> [TASK INSTRUCTIONS]:
Your answer must be the line holding "this 1824×1368 image." followed by every later line through the end of the entries, exactly as written.

> [Referring expression grounding data]:
=== Begin Enclosure ===
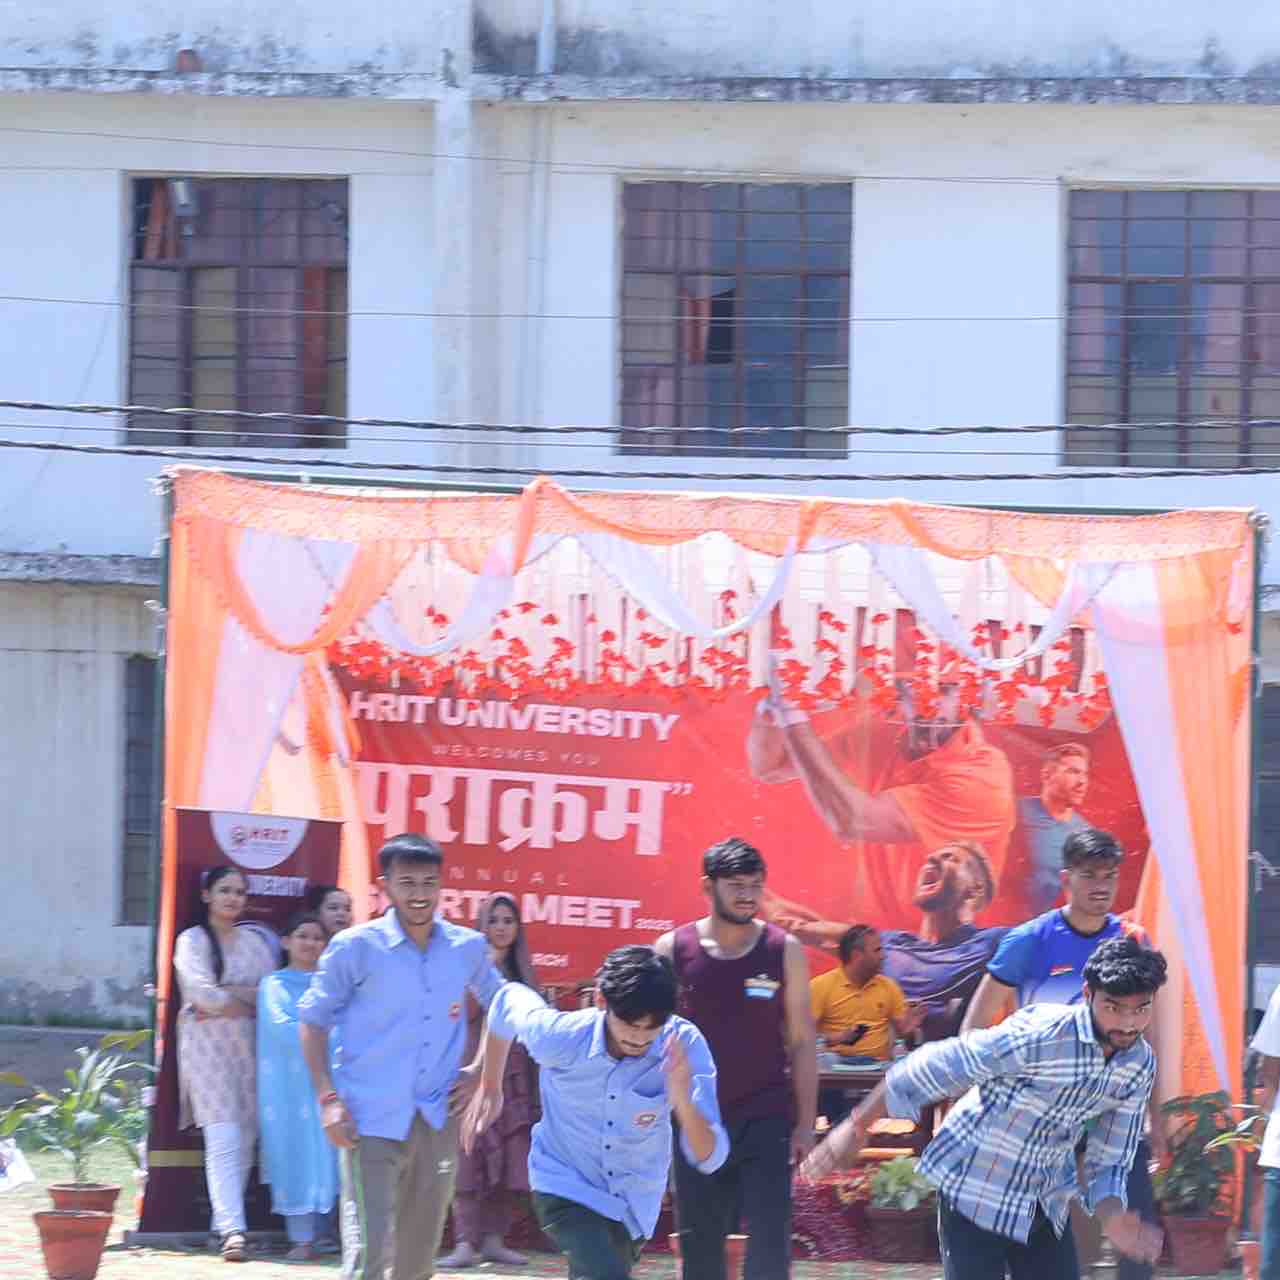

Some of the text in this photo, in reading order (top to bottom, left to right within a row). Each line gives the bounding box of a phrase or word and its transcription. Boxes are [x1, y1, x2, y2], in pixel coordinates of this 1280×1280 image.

[350, 690, 680, 742] HRIT UNIVERSITY
[432, 744, 600, 767] WELCOMES YOU
[450, 866, 569, 886] NNUAL
[521, 892, 641, 930] MEET
[531, 953, 569, 968] RCH
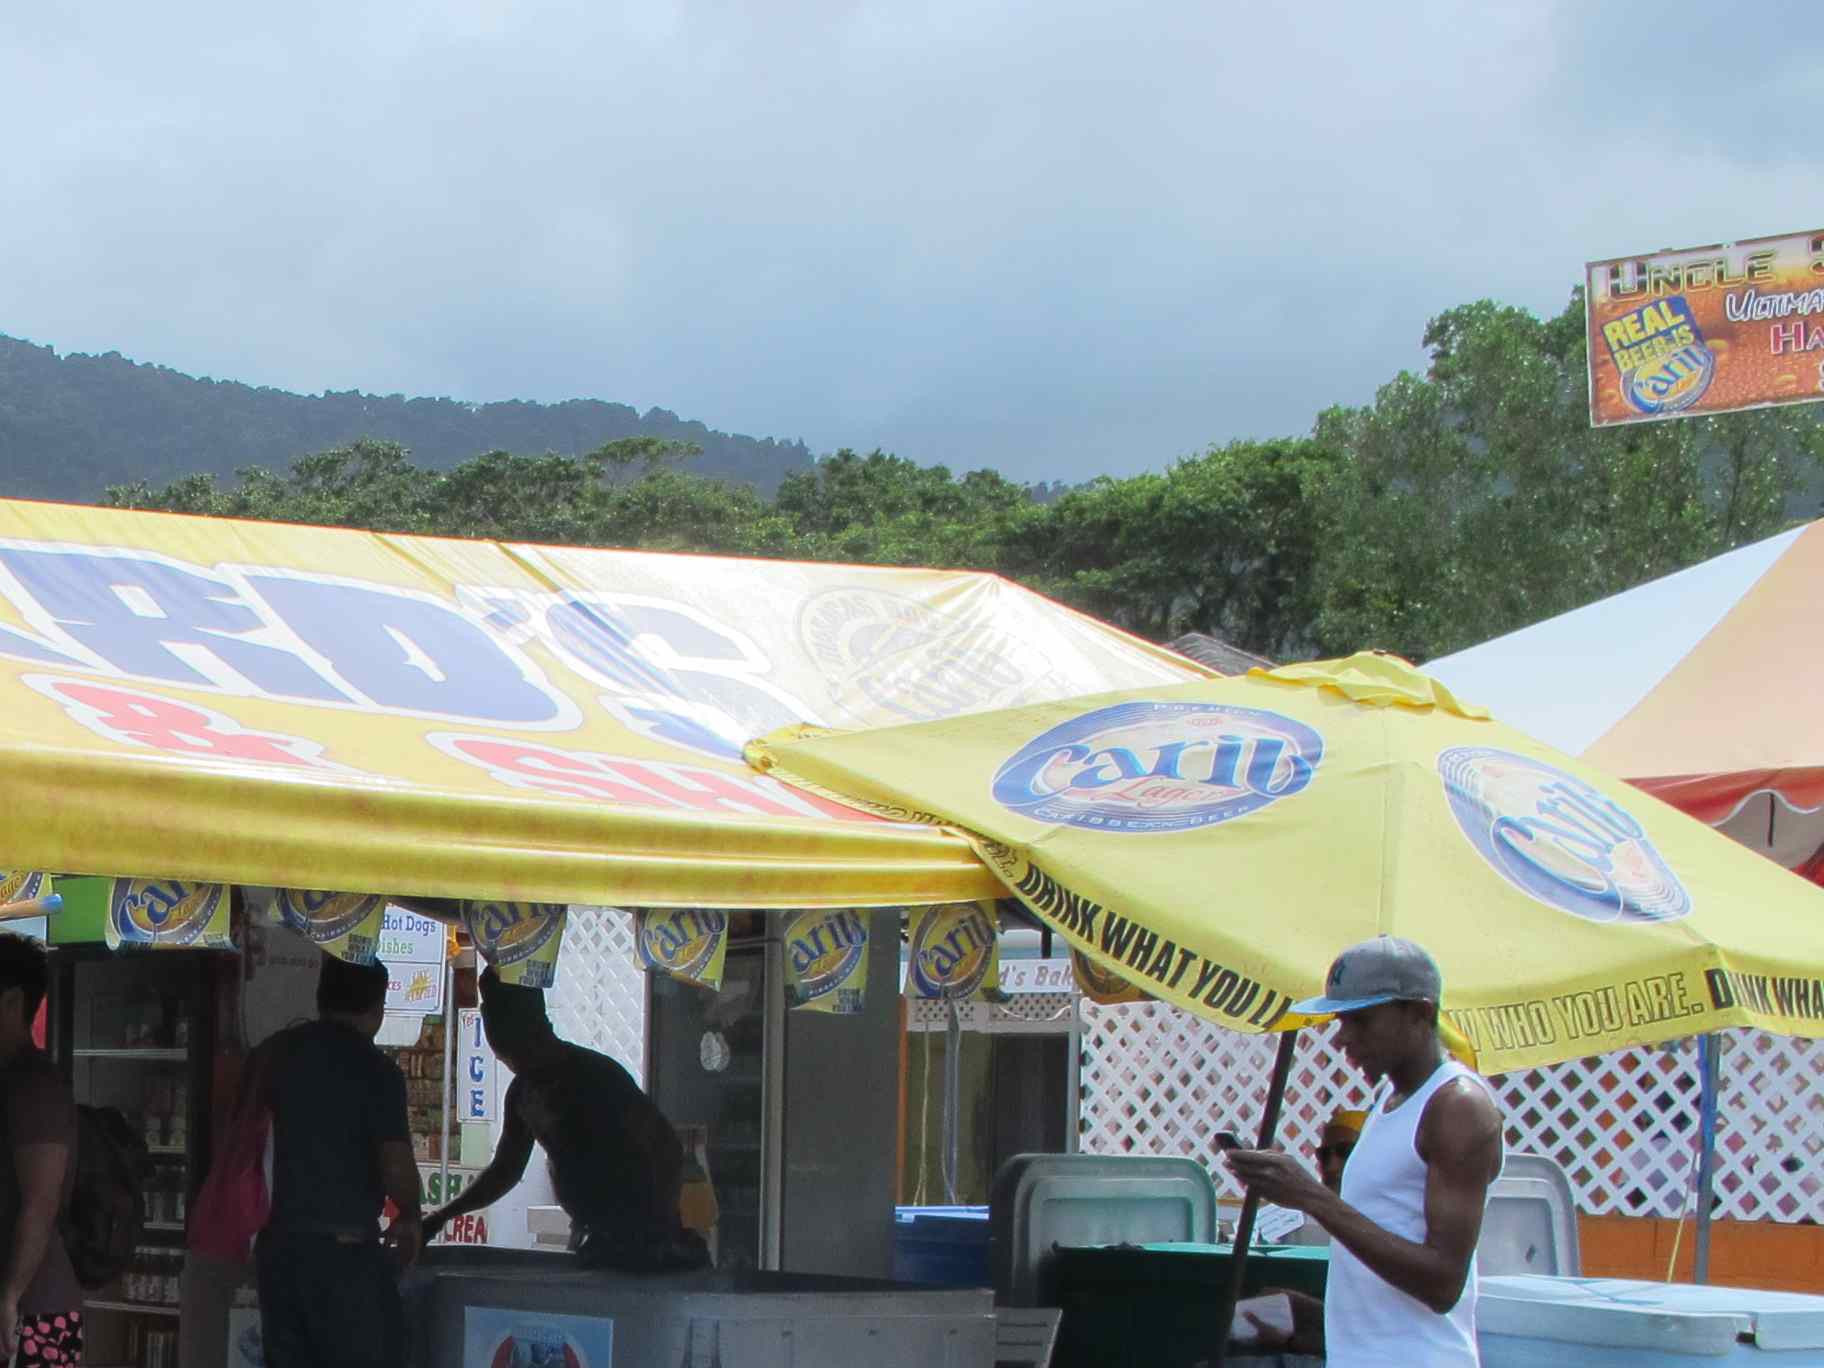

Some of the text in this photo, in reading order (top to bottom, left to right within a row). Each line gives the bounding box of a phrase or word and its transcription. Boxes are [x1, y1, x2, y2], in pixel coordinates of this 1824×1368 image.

[1603, 300, 1686, 352] REAL
[1727, 288, 1824, 322] ULTIMA
[22, 674, 341, 775] &
[992, 733, 1313, 807] Carib
[406, 915, 437, 937] Dogs
[791, 911, 867, 975] arib
[1016, 862, 1101, 943] DRINK
[1101, 911, 1197, 988] WHAT
[1189, 959, 1260, 1018] YOU
[1035, 965, 1074, 987] Bak
[1479, 998, 1556, 1051] WHO
[1554, 985, 1624, 1040] YOU
[1623, 971, 1706, 1029] ARE.
[1772, 976, 1824, 1020] WHA
=== End Enclosure ===
> [RESPONSE TO THIS EXERCISE]:
Some of the text in this photo, in reading order (top to bottom, left to right within a row). Each line gives the bounding box of a phrase or word and its transcription. Boxes are [x1, y1, x2, y2], in pixel coordinates of this 1824×1368 image.

[1603, 300, 1686, 352] REAL
[1727, 288, 1824, 322] ULTIMA
[22, 674, 341, 775] &
[992, 733, 1313, 807] Carib
[406, 915, 437, 937] Dogs
[791, 911, 867, 975] arib
[1016, 862, 1101, 943] DRINK
[1101, 911, 1197, 988] WHAT
[1189, 959, 1260, 1018] YOU
[1035, 965, 1074, 987] Bak
[1479, 998, 1556, 1051] WHO
[1554, 985, 1624, 1040] YOU
[1623, 971, 1706, 1029] ARE.
[1772, 976, 1824, 1020] WHA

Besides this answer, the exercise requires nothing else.